O Governo reagiu ao relatório do Tribunal de Contas divulgado terça-feira sobre os fundos comunitários concedidos a Portugal para o asilo de migrantes. Num comunicado conjunto do Ministério da Administração Interna e da ministra da Presidência e da Modernização Administrativa, os governantes garantem que “não houve qualquer perda de financiamento atribuído a Portugal e que este montante continua sob gestão do Estado Português”.

O Tribunal de Contas concluiu que, de um total de 45,8 milhões de euros concedidos no âmbito do Programa Nacional do Fundo para o Asilo, Migração e Integração (FAMI), em julho de 2018 só tinham ainda sido gastos 11,6 milhões. Uma taxa de execução de apenas 25,3% que, alerta a entidade, pode levar não só ao incumprimento dos objetivos nacionais assumidos perante a União Europeia e no âmbito da Agenda 2020 como à perda de fundos comunitários, como publicou o Observador.

De acordo com o relatório da auditoria, de 134 páginas, tornado público esta quarta-feira, 8 de maio, a Comissão Europeia chegou a ponderar em março de 2018 uma anulação automática de verbas, o que representaria uma perda de cerca de 16,7 milhões de euros para Portugal. Apesar de não se ter concretizado, esse risco mantém-se “latente”, assegura o Tribunal de Contas nas conclusões do documento.

Uma informação agora desmentida pelo Governo. “Importa sublinhar que não houve qualquer perda de financiamento atribuído a Portugal e que este montante continua sob gestão do Estado Português.
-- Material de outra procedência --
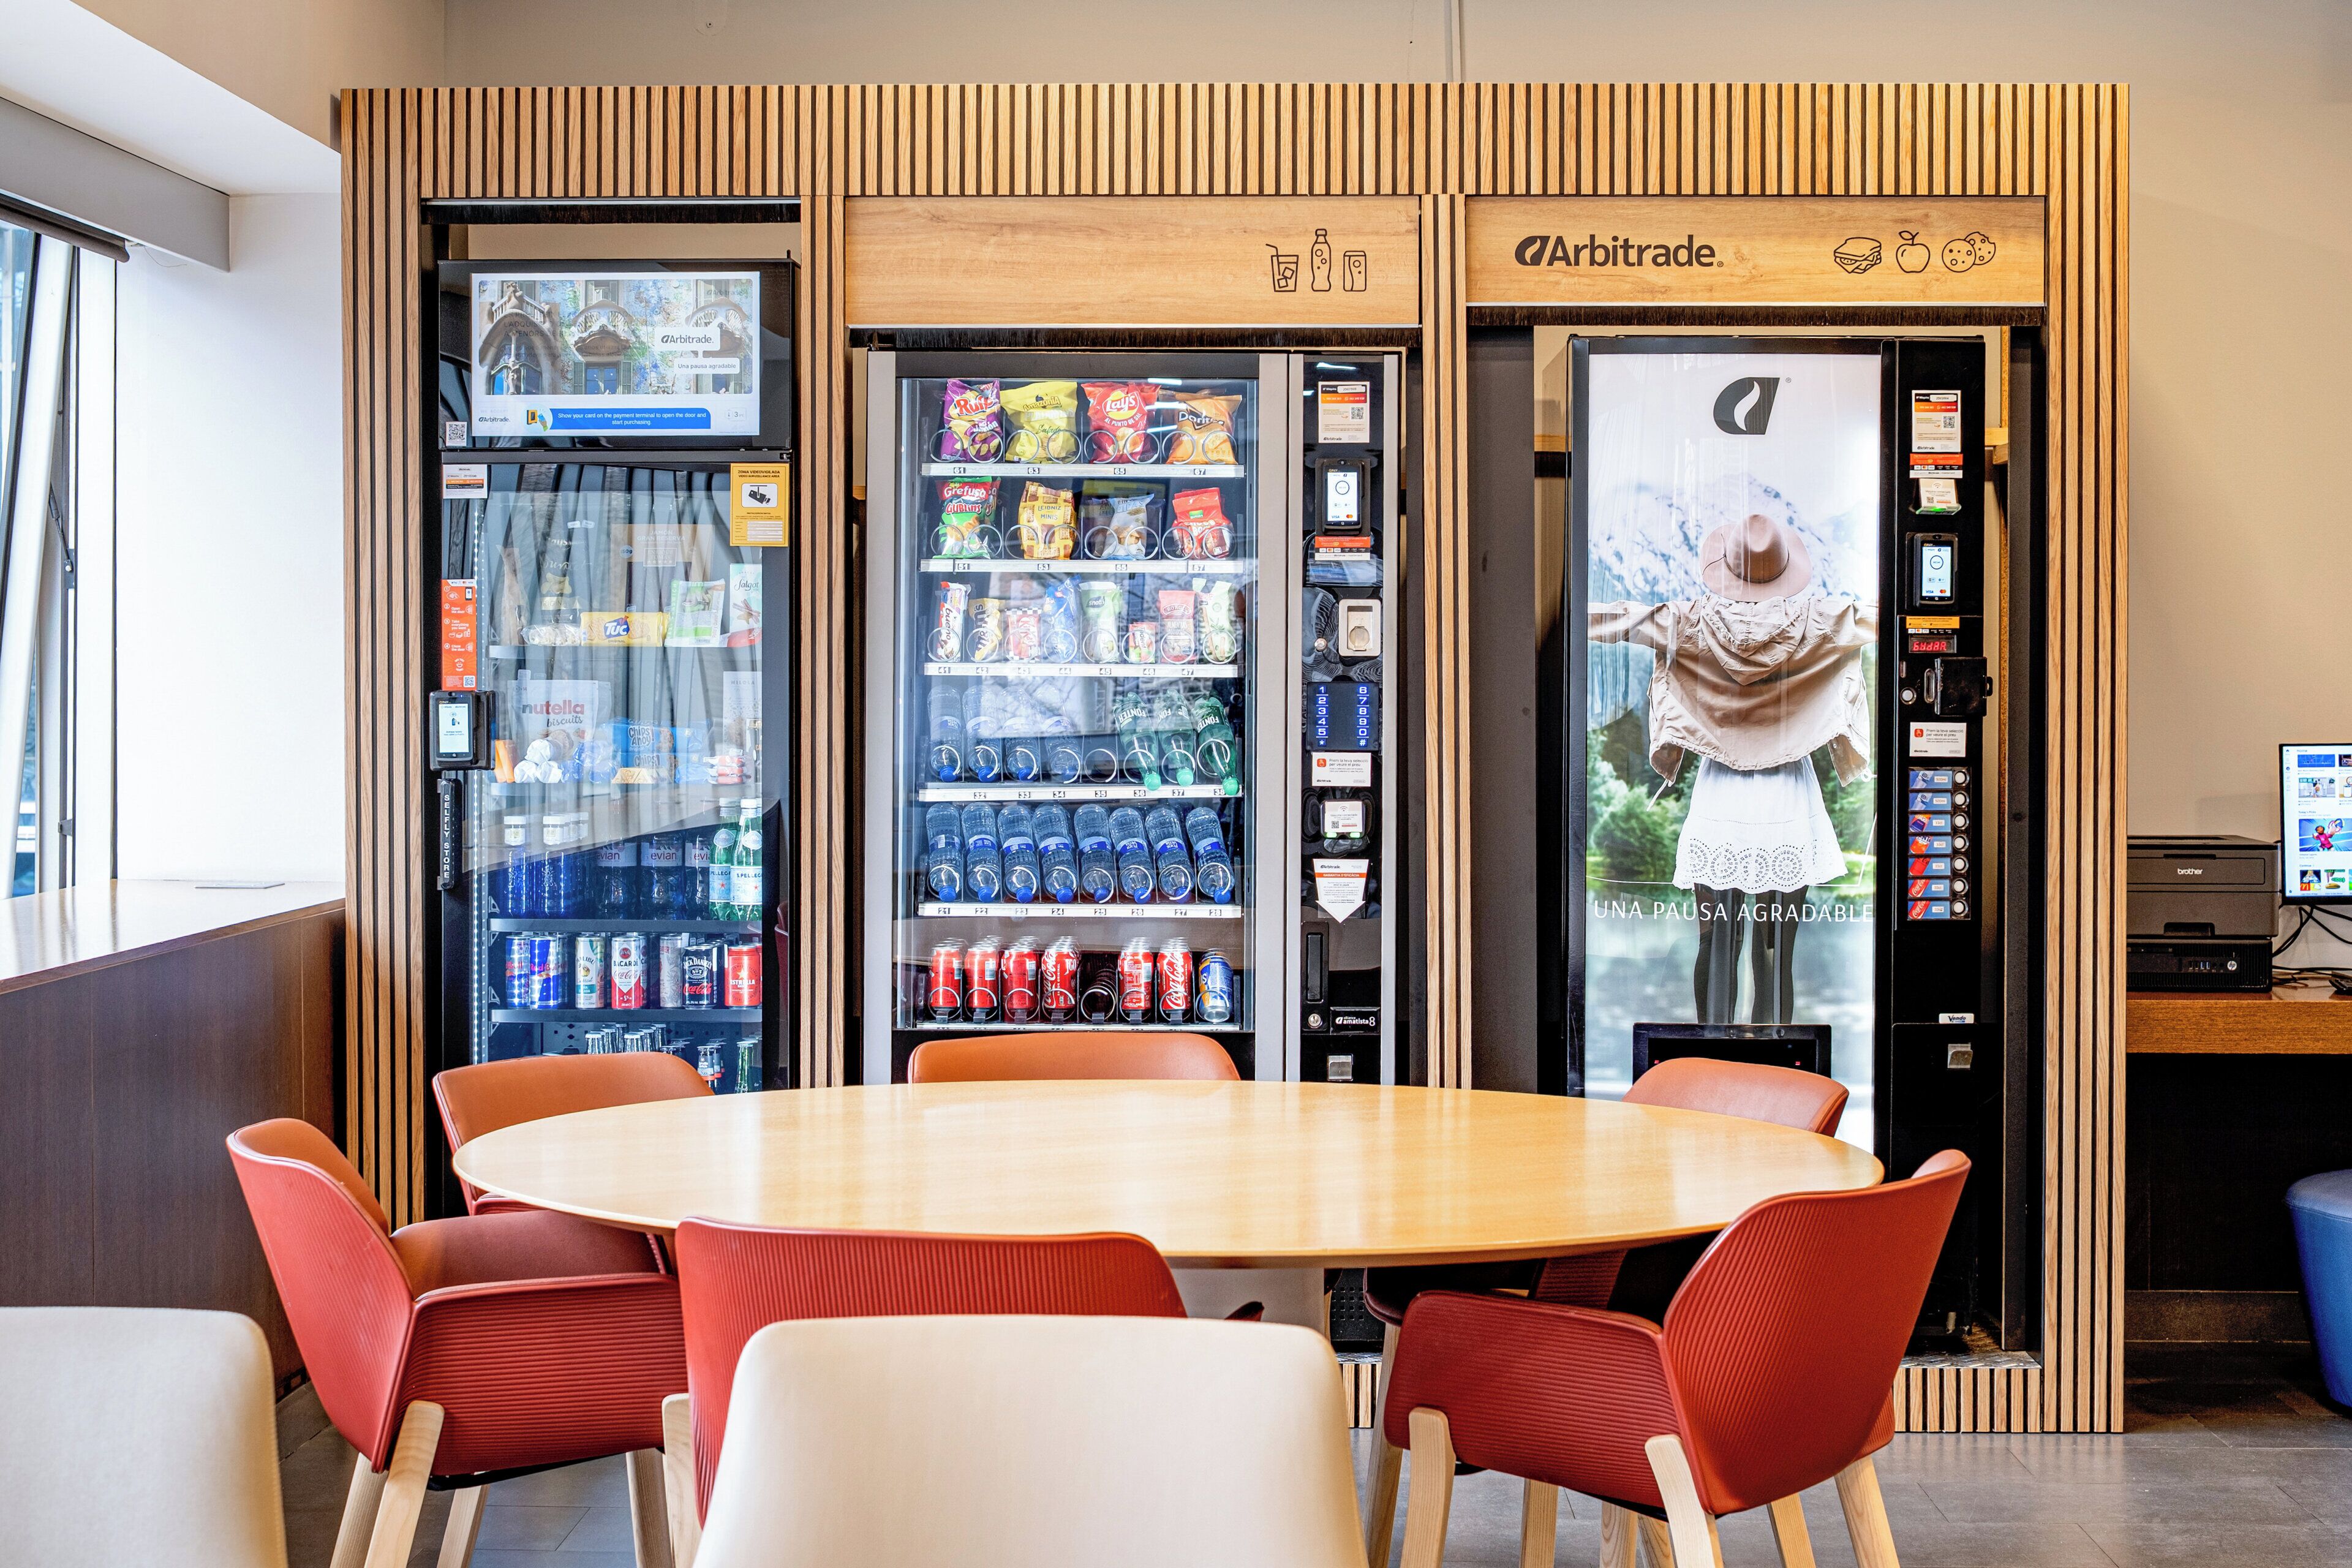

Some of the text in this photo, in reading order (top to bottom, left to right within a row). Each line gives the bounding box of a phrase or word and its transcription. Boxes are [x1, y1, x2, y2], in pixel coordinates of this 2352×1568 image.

Não se verificou, por conseguinte, qualquer restituição de financiamento à União Europeia”, esclarece o comunicado.

O Portugas governantes dizem mesmo que Portugal foi o “6º país da União Europeia que mais refugiados acolheu ao abrigo do Programa de Recolocação e é reconhecido pela Comissão Europeia como exemplar nesta matéria, pela sua participação em todos os programas e todas as situações de emergência, nomeadamente no que se refere aos resgates no Mediterrâneo por navios humanitários”.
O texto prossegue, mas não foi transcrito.